The Making of a Cape Cod Library

- by Renee Roberts

It is interesting to me that Sturgis did not cause a new building. Instead, this homestead was purchased intentionally for the library.


When books were purchased with William Sturgis’s endowment, each one was painstakingly hand-entered into a ledger, which, by number, spelled out the author, the title, the place and year of publication, the place from which the volume came (whether it was a donation or an outright purchase) and the cost. In each book, the Library placed a beautiful bookplate, hand-numbered and hand-dated. It mattered to the library that there be a record of when each book was purchased, and in what order.
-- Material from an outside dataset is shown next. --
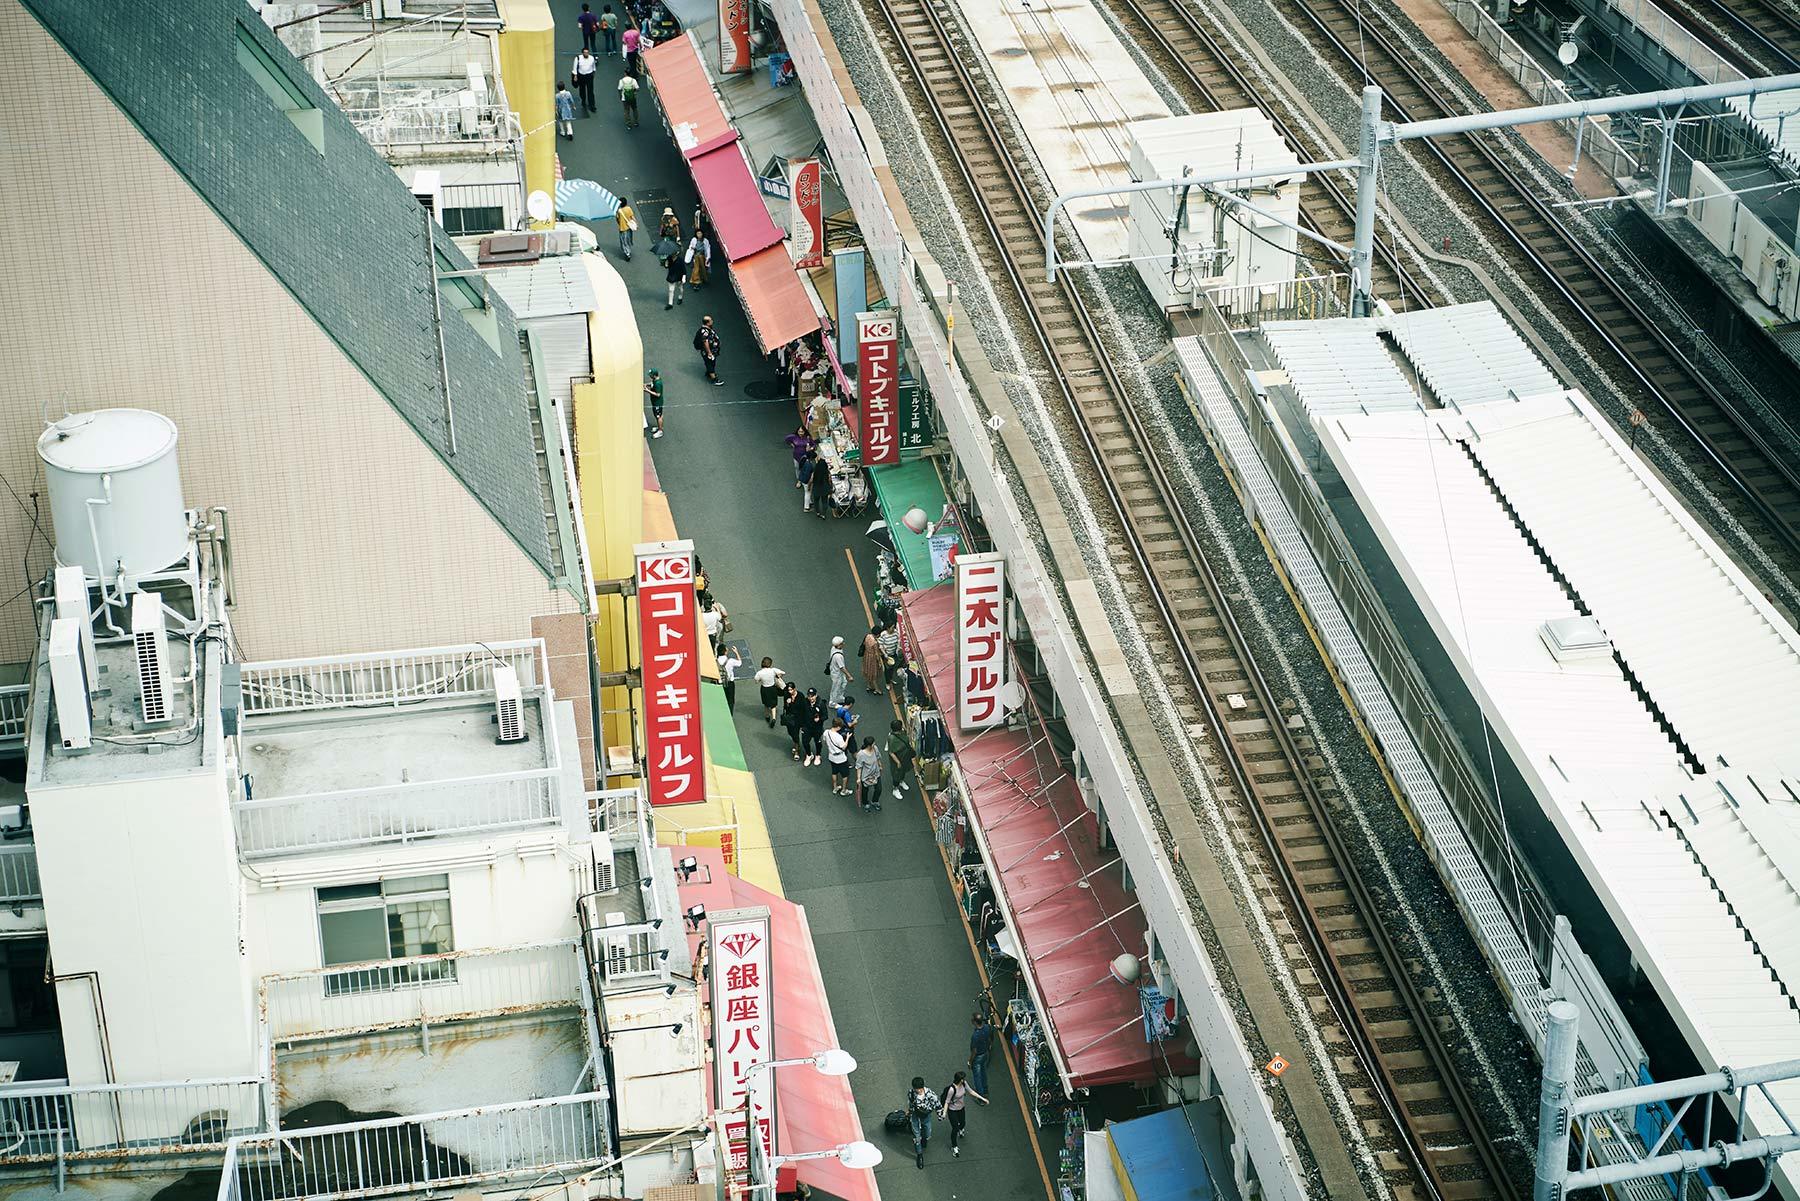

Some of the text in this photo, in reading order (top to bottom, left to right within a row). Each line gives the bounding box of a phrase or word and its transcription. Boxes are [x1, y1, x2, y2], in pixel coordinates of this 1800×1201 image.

After poking around a bit with the Library Director, Lucy Loomis, we re-discovered the earliest record of Sturgis’s acquisitions — a leather-bound quarto, the spine separated from the binding, containing ruled pages filled with these inked records. What a find! Now I could surmise — or perhaps imagine — what was in the minds of the people who were entrusted with Sturgis’s small fortune and commissioned to convert commercial paper wealth into food for the imagination.

I always thought that the library began with a donation of books from the estate of William Sturgis, and it’s true that he did give bequeath 1,300 books to the new collection, but these were not the first books officially received or entered into the library’s acquisitions ledger.

The Sturgis Free Library’s first trustees were personally selected by William Sturgis: Samuel Hooper, Lemuel Shaw, and Edward W. Hooper. Their first purchase for the library was the 8th Edition of the Encyclopaedia Brittannica. There was always a strong Anglophile thrust in the early Sturgis acquisitions, and the Brittanica was (and still is) the nec plus ultra compendium of useful information in the English language. This purchase was followed quickly by the New American Cyclopaedia and the American Annual Cyclopaedia, pale cousins of their British counterpart.

The third acquisition listed was another safe choice — a current 1865 edition of Noah Webster’s American Dictionary. This was quickly followed by two atlases: Colton’s General Atlas, and Black’s General Atlas. Founded by an adventurer/entrepreneur and being on the East coast and physically sited among sea captains’ houses, the Sturgis Library immediately took a stand beyond regional parochialism and reached out for knowledge about the rest of the world.

Having made basic purchases in general knowledge, geography, and linguistics, it was time to feed the mind and the spirit. The Sturgis trustees chose the Works of William Shakespeare as their seventh acquisition.

The 8th and 9th choices, I think, were more motivated by personal passion than as choices for the commonweal. The trustees acquired the three-volume Naval Biographical Dictionary, published in London, 1849, by William R. O’Byrne. This was a huge compendium of the lives of every living officer — some 5,000 or so — still serving in Her Majesty’s Navy in 1845.